Muito bem. Posto isso, discute-se, quanto à posse, e todos aqui têm conhecimento disso, a sua natureza jurídica, sendo célebre a discussão no século XIX entre dois grandes autores, Savigny e Jhering, ou seja, se posse é direito ou, se posse é fato. Sem preocupação de adentrar-se no desenvolvimento de ambas as doutrinas, nós já podemos ir direto à conclusão dessa discussão toda. A posse é um fato que está constituído pela posição da pessoa como possuidora daquele imóvel, basta o estado dela, é o fato em si estabelecido. Então esse aspecto é muito importante colocar, mas ela, também, não deixa de ser um direito com reflexo, porque é um fato jurígeno onde ela vai dar nascimento a direitos, ou seja, é pela posse, pelo prazo prescricional aquisitivo, por exemplo, que se obtém a propriedade no caso do usucapião. Note-se bem a importância disso. E esse problema da posse, conjugada com a posse/trabalho, onde se tem a contribuição verdadeira do Direito Pátrio à Doutrina do Direito Privado. Foi em 1.943, pela pena brilhante do Professor Miguel Reale, quando ele era membro do Conselho Administrativo do Estado, que ele deu um parecer no que respeita às terras devolutas do Pontal do Paranapanema. Naquela época, famílias eram possuidoras de terras devolutas do Estado e todos aqui têm conhecimento por se tratar de bem público, não pode ser usucapido. Muito bem, o que veio ocorrer com esse parecer do Professor Miguel Reale em 1.943? Ele desenvolveu o estudo de que aquelas pessoas que estavam dentro daquela propriedade a transformaram de tal forma que a tornaram, inclusive, produtiva, e essa produtividade interessa aos interesses da sociedade. Então, verifiquem que é a primeira preocupação em si que nós vamos ter, com respeito à posse conjugada com o fator produtividade. Trata-se de uma evolução que começou com a Constituição de 1.934, e com a evolução doutrinária e daí por diante, sempre constou das nossas Constituições, no sentido de que a ocupação conjugada com a produtividade possibilitaria ao possuidor tornar-se proprietário, em um espaço de tempo menor, daquela propriedade. A novidade trazida pelo Professor Miguel Reale foi quanto ao bem público, pois tratava-se de terras devolutas,onde havia necessidade de se atender aos interesses daquelas famílias que possuiam aquele bem público.
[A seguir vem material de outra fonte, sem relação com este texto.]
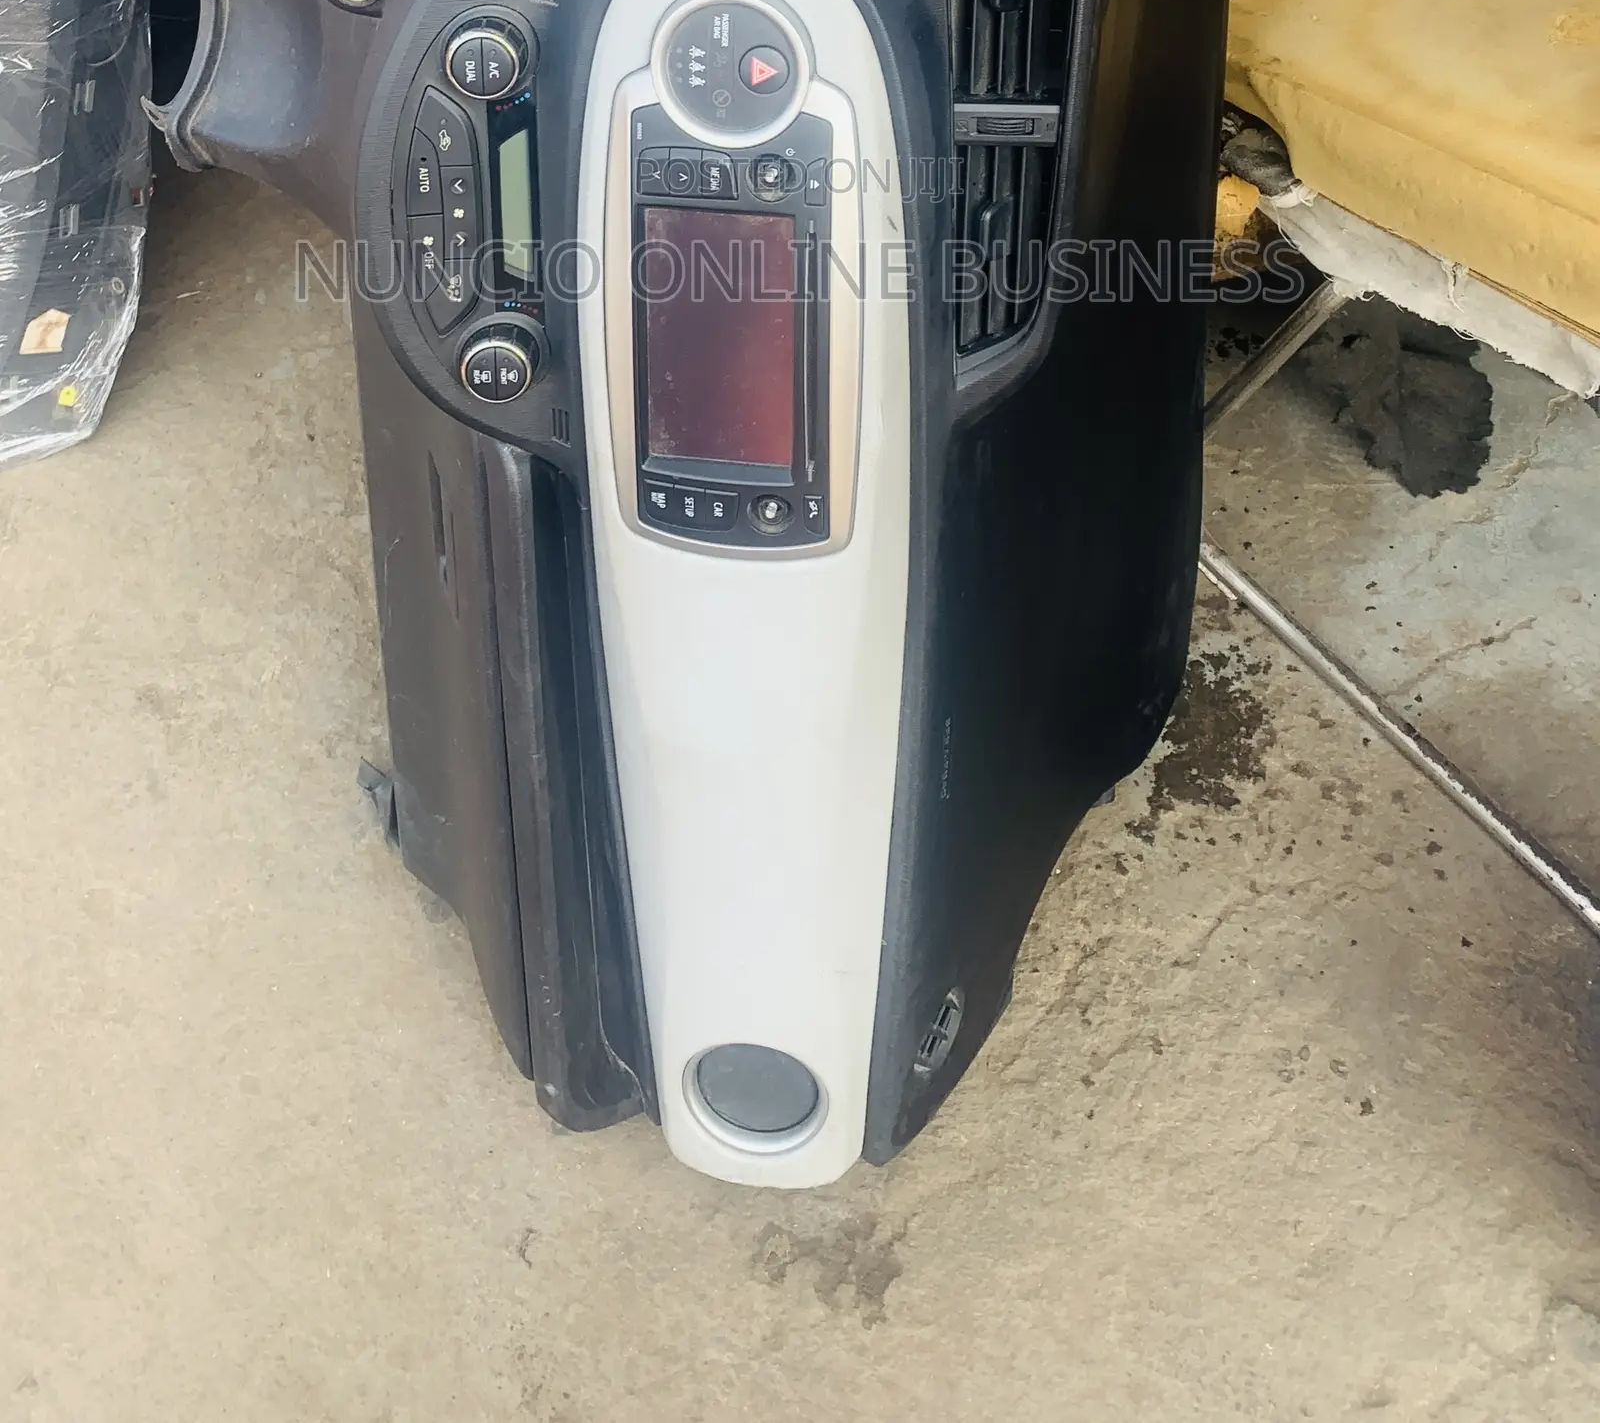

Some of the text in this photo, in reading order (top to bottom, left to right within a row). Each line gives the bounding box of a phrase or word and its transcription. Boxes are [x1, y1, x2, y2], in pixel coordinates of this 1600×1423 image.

Muito bem, posto isso, nós vamos verificar o seguinte, que os direitos reais constantes do Livro III do Código Civil – Direito das Coisas, estão enumerados taxativamente, ou seja, trata-se de “númerus clausus” sobre Direitos Reais. É o artigo 1225 do Código Civil e ali estão enumerados quais são os Direitos Reais, que começa com a propriedade, relacionando os demais.
Muito bem, quais são essas inovações perante o código de 1.916? Ressalte-se, inicialmente, a supressão da enfiteuse. Obviamente que nas disposições transitórias e finais o Código Civil, artigo 2.038, resguarda a enfiteuse existente, e à medida que se cumpra o seu fim ela deixará de existir. Todos têm conhecimento que a enfiteuse diz respeito a um direito perpétuo sobre a coisa alheia.